You already have tech leadership in technical positions. What happens if you redefine that idea and broaden those roles? What happens if you transform tech leaders into strategic mentors?
While it could be easy to get lost in the semantics of these ideas, today, we want to focus on a perspective shift. The difference between a team leader and a strategic mentor is non-technical. How can you get your leaders to foster growth and development outside of raw coding skills?
That’s what we’re after.
Redefined mentorship in tech teams
Each tech team has a leader. That’s normal.
What does that leadership look like in your organization?
There might be administrative duties. They might take personal responsibility for the outcome of team efforts and project quality. They might even have incentive structures along those lines.
Those are all descriptions of management or administrative roles, but how well do they describe active leadership?

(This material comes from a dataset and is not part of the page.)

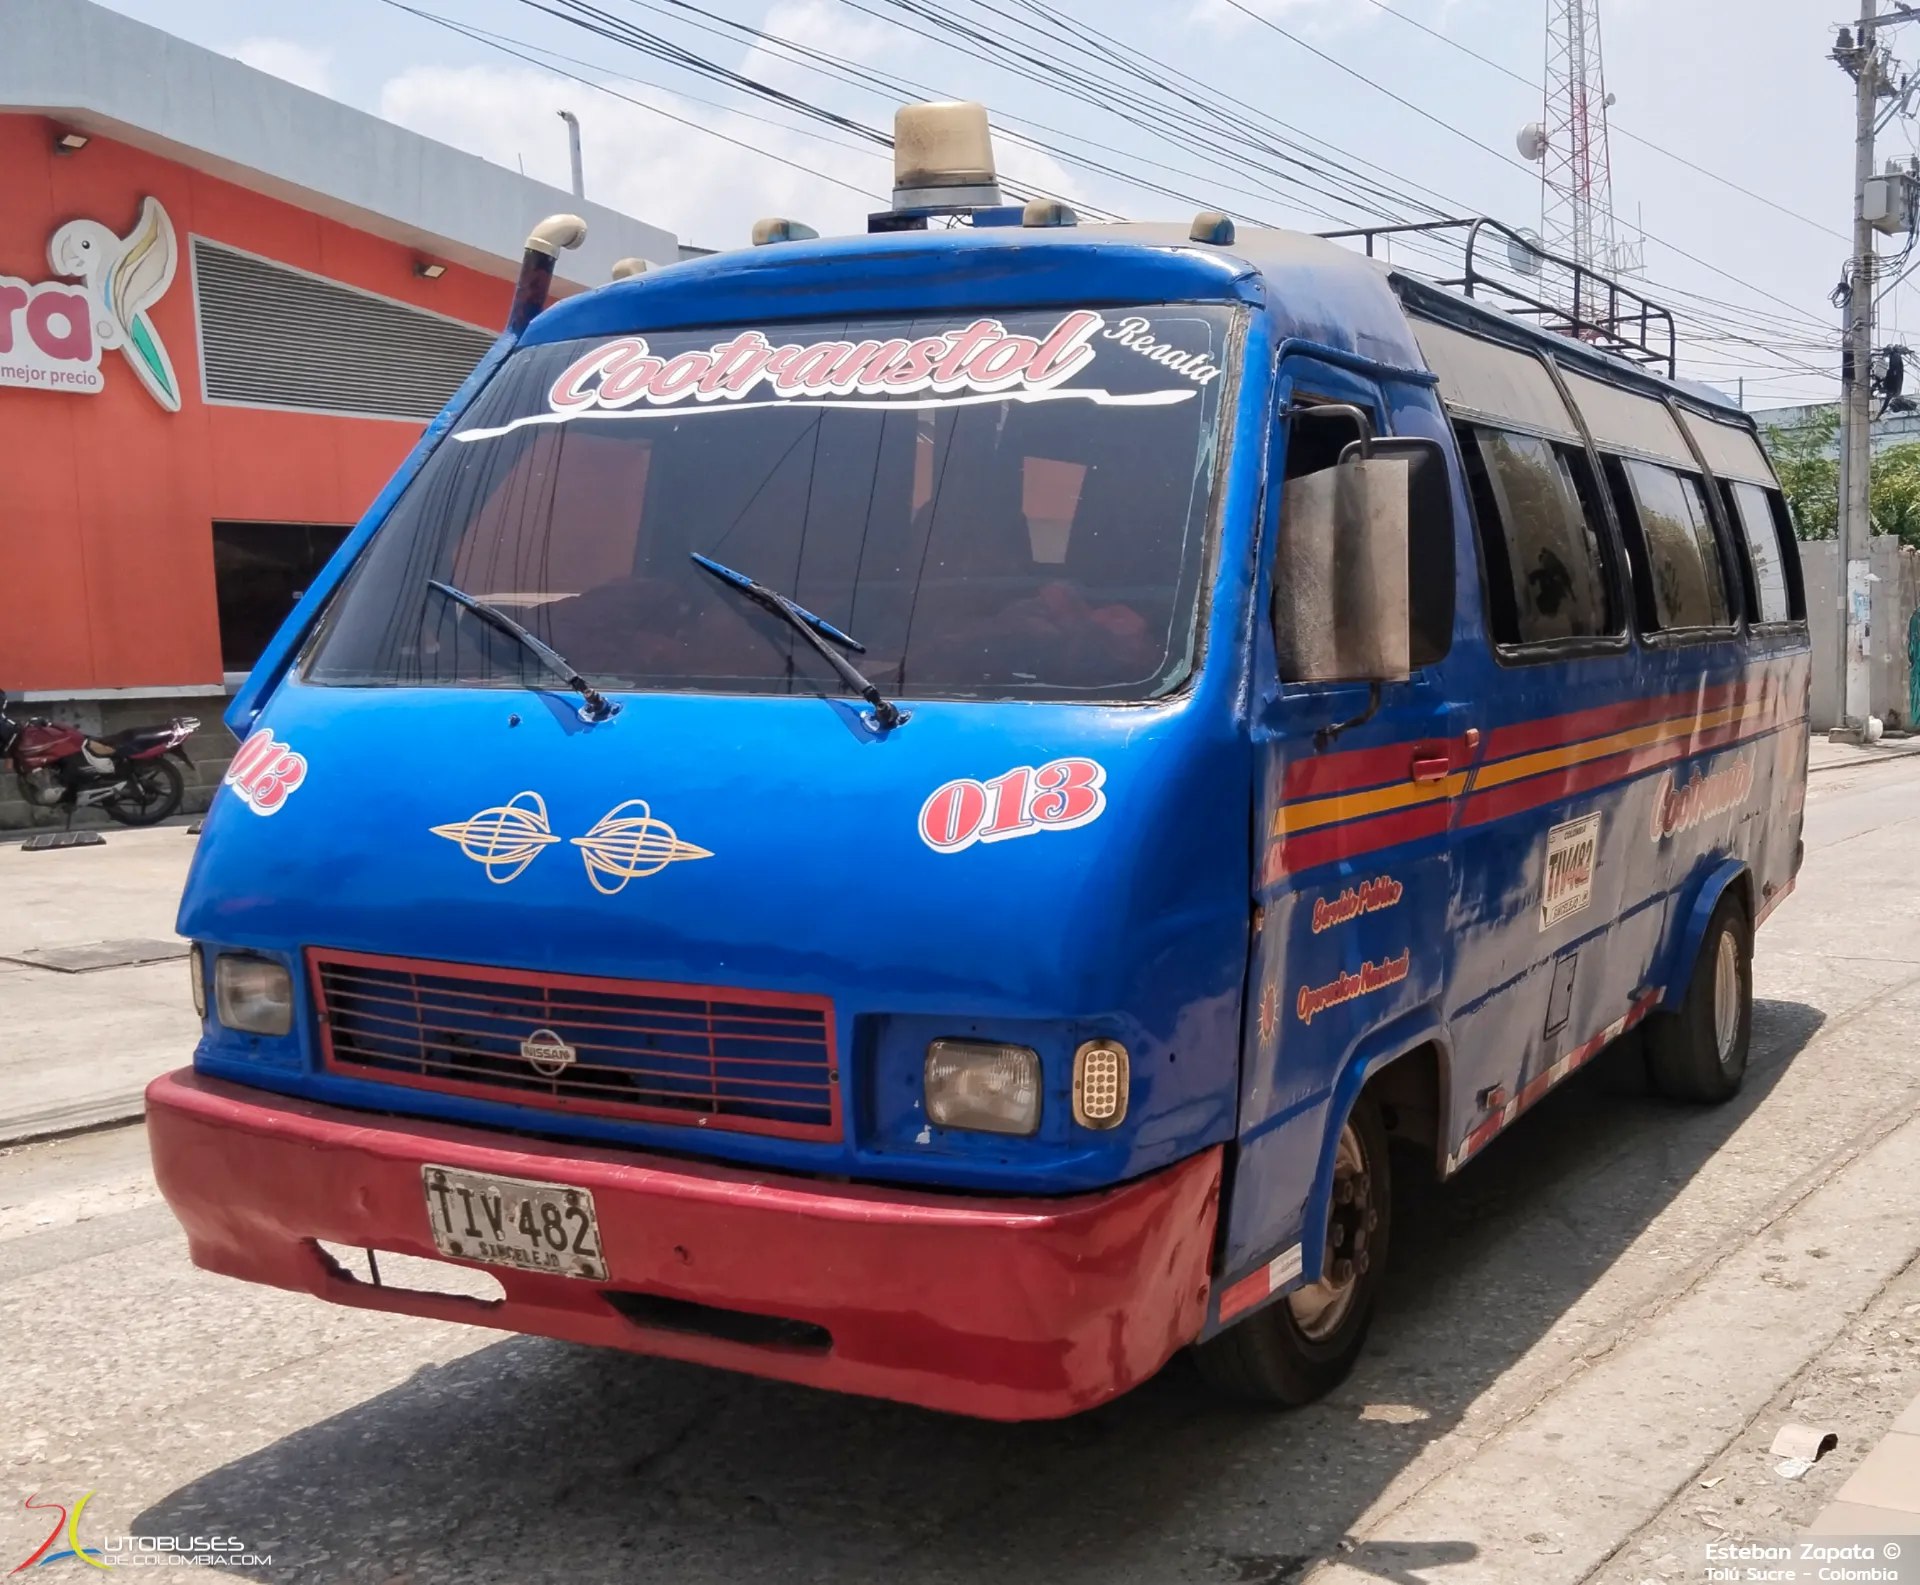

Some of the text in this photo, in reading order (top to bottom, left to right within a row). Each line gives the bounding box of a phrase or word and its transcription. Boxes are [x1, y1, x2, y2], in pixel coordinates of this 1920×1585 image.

If we think of leadership as the skills and expressions that take the team where you want it to go, then something essential needs to be added to the description above. How does your team leader foster growth and success for the other members?
When you switch the mode of thought like this, you can see how mentorship can redefine your leadership and the teams.
Strategic Thinking and Decision-Making
When considering a tech lead mentor, you will consider technical advice first.
You expect mentors to provide advice along the development route — helping team members to code better and more efficiently.
This leads to strategic thinking and decision-making.
As mentors develop team members, the conversations drift from specific coding advice to a general approach. This translates to strategic thinking and creates a decision-making process that orients from a better position.
Yet, we’re still really talking about expanding on technical advice. From here, we can dip our toes in deeper waters.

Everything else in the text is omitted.